**EXERCISE DATA**:
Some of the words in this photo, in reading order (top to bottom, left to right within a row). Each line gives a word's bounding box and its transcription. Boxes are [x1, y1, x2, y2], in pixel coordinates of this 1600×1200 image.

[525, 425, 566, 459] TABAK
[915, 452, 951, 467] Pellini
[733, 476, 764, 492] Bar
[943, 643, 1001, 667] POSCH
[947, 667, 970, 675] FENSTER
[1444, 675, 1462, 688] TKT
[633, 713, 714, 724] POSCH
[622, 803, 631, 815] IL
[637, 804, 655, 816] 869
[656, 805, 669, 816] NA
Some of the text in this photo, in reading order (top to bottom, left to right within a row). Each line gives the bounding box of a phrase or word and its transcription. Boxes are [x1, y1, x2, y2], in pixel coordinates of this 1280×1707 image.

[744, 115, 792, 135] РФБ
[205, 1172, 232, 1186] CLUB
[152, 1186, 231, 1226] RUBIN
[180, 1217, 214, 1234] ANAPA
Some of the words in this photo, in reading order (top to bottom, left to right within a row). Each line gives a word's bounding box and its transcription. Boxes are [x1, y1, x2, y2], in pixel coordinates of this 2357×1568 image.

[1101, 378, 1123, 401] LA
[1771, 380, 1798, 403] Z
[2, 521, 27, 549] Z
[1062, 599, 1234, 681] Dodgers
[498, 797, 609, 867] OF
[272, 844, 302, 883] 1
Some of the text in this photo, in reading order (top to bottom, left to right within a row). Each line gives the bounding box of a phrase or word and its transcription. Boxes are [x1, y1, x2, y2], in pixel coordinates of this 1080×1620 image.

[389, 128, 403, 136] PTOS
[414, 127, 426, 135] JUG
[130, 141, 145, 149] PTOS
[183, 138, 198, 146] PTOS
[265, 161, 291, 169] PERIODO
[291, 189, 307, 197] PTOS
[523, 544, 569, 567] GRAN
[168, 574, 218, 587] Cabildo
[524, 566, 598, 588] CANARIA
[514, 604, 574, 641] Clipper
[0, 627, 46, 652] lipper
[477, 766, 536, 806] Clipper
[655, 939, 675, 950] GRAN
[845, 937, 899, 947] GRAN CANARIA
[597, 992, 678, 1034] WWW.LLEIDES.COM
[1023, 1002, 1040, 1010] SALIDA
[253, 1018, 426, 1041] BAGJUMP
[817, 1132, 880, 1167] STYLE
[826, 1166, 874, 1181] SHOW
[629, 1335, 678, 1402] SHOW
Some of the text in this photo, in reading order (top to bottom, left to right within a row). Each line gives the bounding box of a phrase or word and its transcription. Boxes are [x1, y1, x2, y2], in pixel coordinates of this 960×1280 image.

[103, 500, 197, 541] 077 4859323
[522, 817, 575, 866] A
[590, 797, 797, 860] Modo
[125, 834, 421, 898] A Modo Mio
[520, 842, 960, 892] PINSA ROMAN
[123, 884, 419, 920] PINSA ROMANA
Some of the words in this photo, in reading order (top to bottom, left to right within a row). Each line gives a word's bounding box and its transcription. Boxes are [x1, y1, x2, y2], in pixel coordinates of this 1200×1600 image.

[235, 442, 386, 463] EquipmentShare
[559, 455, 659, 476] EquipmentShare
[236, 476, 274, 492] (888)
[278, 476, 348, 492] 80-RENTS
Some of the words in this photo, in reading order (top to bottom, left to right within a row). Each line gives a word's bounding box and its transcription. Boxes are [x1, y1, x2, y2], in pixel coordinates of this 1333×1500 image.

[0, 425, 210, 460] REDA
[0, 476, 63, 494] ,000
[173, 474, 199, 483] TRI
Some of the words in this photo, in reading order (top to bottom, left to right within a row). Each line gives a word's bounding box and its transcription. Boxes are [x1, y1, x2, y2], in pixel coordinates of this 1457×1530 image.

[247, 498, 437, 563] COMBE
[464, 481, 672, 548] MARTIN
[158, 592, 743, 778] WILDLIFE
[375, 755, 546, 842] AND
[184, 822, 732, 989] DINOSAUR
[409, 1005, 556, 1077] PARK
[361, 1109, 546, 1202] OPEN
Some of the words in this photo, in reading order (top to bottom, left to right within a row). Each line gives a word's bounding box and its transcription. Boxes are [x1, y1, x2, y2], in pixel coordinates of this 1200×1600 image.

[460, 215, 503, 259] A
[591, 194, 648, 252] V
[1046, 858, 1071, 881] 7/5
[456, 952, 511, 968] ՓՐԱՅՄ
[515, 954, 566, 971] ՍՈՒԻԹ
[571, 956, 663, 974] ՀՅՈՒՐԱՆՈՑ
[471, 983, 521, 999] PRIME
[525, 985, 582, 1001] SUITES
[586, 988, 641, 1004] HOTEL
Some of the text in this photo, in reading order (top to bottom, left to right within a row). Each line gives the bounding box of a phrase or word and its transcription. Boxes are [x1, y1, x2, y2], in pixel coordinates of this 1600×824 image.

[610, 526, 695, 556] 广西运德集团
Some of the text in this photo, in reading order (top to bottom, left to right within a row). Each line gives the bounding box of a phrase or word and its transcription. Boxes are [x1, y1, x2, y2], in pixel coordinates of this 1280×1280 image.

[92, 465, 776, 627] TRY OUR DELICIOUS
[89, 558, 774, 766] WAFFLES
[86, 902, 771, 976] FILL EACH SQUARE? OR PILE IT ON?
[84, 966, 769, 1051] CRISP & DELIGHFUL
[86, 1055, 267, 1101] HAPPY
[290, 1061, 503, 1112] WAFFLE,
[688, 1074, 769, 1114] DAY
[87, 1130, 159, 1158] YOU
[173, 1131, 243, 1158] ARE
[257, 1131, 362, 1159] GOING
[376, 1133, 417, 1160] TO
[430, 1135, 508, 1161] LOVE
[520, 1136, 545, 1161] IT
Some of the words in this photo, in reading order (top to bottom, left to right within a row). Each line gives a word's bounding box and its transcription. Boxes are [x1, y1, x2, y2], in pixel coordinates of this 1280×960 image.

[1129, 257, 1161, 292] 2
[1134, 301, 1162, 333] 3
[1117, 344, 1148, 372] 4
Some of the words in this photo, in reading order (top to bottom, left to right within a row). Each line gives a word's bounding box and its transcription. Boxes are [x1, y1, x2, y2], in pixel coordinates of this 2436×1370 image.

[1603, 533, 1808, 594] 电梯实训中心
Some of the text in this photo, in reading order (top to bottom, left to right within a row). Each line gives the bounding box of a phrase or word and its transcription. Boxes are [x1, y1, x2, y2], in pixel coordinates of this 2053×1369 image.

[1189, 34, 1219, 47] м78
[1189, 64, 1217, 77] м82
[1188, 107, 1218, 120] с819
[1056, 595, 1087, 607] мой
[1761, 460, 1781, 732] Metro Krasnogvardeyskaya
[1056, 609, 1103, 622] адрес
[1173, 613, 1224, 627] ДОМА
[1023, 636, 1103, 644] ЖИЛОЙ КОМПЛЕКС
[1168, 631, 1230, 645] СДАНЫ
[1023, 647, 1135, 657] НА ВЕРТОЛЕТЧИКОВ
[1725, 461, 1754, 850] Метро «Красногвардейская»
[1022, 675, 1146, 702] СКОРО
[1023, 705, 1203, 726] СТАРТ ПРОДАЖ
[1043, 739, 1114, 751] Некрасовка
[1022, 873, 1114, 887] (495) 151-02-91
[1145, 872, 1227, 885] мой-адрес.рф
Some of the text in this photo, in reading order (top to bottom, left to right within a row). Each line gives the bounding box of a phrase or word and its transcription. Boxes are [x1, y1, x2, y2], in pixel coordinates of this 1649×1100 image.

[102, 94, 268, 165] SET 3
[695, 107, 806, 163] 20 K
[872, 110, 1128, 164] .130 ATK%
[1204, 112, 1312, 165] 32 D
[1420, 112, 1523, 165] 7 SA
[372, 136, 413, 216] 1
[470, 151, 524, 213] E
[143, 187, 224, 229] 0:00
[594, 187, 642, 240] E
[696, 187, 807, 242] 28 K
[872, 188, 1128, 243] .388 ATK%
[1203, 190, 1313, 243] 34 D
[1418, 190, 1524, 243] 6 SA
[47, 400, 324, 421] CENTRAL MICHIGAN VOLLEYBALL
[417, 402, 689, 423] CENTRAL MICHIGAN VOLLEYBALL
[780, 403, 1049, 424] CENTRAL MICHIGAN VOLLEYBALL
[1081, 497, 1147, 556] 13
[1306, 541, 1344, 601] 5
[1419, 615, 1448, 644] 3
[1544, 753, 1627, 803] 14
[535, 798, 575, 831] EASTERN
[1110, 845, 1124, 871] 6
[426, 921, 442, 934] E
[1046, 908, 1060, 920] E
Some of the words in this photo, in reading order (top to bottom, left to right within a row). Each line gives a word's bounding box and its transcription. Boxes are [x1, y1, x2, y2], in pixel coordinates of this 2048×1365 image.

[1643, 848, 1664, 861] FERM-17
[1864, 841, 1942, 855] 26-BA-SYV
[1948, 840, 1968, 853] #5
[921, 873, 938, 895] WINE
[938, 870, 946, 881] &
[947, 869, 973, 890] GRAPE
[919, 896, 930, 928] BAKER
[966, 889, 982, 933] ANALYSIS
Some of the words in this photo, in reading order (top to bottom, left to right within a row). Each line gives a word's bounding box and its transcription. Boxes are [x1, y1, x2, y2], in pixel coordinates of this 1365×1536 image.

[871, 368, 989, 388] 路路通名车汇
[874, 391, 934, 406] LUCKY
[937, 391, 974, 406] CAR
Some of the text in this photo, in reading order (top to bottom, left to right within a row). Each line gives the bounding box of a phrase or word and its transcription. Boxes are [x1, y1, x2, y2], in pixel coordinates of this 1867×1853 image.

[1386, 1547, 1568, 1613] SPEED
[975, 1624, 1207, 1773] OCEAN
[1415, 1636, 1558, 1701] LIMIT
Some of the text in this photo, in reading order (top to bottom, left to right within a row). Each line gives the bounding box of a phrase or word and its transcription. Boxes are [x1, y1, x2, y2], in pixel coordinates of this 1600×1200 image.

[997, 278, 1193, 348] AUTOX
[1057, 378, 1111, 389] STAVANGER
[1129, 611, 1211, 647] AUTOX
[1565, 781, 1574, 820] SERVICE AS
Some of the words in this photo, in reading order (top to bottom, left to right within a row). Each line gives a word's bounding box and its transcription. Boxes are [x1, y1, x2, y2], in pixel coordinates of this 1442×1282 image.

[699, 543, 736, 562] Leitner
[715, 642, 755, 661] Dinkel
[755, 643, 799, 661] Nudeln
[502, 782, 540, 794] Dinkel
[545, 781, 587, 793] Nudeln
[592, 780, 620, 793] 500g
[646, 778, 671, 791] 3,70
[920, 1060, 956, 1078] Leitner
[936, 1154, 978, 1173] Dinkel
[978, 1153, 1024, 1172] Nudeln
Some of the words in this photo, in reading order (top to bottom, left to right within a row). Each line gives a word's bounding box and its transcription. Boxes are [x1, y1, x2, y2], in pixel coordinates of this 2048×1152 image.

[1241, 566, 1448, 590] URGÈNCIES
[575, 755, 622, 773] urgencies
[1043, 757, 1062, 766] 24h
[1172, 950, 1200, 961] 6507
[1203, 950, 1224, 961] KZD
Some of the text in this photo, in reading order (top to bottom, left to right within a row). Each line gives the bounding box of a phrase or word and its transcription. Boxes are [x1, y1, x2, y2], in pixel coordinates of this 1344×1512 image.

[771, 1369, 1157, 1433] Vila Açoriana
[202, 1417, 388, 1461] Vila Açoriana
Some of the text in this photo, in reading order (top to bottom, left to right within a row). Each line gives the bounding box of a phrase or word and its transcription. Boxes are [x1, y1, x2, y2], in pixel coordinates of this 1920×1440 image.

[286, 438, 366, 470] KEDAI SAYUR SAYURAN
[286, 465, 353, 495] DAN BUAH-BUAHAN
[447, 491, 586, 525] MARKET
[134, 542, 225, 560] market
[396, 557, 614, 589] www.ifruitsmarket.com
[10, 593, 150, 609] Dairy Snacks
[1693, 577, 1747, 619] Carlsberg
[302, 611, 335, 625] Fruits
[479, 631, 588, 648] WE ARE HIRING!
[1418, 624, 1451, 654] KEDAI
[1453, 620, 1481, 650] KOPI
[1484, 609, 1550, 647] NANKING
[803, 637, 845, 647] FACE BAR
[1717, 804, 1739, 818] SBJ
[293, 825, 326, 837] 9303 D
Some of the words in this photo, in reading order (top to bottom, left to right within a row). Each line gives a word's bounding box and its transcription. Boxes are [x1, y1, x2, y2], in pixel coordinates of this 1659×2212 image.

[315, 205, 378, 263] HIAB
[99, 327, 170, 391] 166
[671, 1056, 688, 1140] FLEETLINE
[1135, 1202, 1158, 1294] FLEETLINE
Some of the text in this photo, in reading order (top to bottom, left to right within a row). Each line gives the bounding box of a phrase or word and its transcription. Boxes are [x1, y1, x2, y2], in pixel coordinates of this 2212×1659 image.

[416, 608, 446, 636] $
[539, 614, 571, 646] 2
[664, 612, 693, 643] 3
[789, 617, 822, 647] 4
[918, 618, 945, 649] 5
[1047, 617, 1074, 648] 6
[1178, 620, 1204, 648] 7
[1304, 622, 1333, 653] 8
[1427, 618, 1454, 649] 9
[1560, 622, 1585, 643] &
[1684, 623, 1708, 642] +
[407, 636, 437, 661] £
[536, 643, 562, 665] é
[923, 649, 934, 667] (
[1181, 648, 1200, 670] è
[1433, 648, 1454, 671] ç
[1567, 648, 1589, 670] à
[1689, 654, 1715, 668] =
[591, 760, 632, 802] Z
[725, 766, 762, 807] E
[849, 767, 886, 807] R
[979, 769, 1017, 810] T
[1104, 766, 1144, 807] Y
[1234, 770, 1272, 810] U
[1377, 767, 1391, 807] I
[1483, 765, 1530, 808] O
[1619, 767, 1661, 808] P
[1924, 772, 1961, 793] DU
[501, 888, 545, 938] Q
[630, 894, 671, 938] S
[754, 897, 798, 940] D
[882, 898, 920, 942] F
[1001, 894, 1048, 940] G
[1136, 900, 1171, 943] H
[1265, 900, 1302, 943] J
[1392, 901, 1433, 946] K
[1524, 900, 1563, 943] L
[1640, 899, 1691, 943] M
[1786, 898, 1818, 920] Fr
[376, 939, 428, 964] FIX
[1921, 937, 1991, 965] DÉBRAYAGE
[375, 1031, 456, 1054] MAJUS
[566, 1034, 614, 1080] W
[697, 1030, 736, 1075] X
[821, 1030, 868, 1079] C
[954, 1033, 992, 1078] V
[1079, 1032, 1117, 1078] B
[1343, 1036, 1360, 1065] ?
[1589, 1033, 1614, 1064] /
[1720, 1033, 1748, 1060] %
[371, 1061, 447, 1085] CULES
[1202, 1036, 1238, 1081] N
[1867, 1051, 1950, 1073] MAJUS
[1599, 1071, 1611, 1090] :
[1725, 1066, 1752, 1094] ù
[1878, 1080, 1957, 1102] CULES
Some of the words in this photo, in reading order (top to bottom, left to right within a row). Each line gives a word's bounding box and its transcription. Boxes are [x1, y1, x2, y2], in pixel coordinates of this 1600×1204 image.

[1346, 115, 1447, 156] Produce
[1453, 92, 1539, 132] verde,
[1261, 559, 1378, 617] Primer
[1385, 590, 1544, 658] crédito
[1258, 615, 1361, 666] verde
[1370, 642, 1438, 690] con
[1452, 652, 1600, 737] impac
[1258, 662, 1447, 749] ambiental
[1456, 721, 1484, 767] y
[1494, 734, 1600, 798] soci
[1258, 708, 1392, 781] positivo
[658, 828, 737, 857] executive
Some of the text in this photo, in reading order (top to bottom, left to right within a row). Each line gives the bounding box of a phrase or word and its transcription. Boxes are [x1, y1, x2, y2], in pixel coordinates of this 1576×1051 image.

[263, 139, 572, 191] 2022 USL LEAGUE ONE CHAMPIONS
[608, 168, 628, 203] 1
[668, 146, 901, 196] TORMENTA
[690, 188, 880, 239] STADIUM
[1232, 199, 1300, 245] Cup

**PROBLEM TO WORK ON**:
From the line that holds "this 1576×1051 image." to the last line of the records above, print each line exactly. Add nothing else.

**SOLUTION TO THIS TASK**:
Some of the text in this photo, in reading order (top to bottom, left to right within a row). Each line gives the bounding box of a phrase or word and its transcription. Boxes are [x1, y1, x2, y2], in pixel coordinates of this 1576×1051 image.

[263, 139, 572, 191] 2022 USL LEAGUE ONE CHAMPIONS
[608, 168, 628, 203] 1
[668, 146, 901, 196] TORMENTA
[690, 188, 880, 239] STADIUM
[1232, 199, 1300, 245] Cup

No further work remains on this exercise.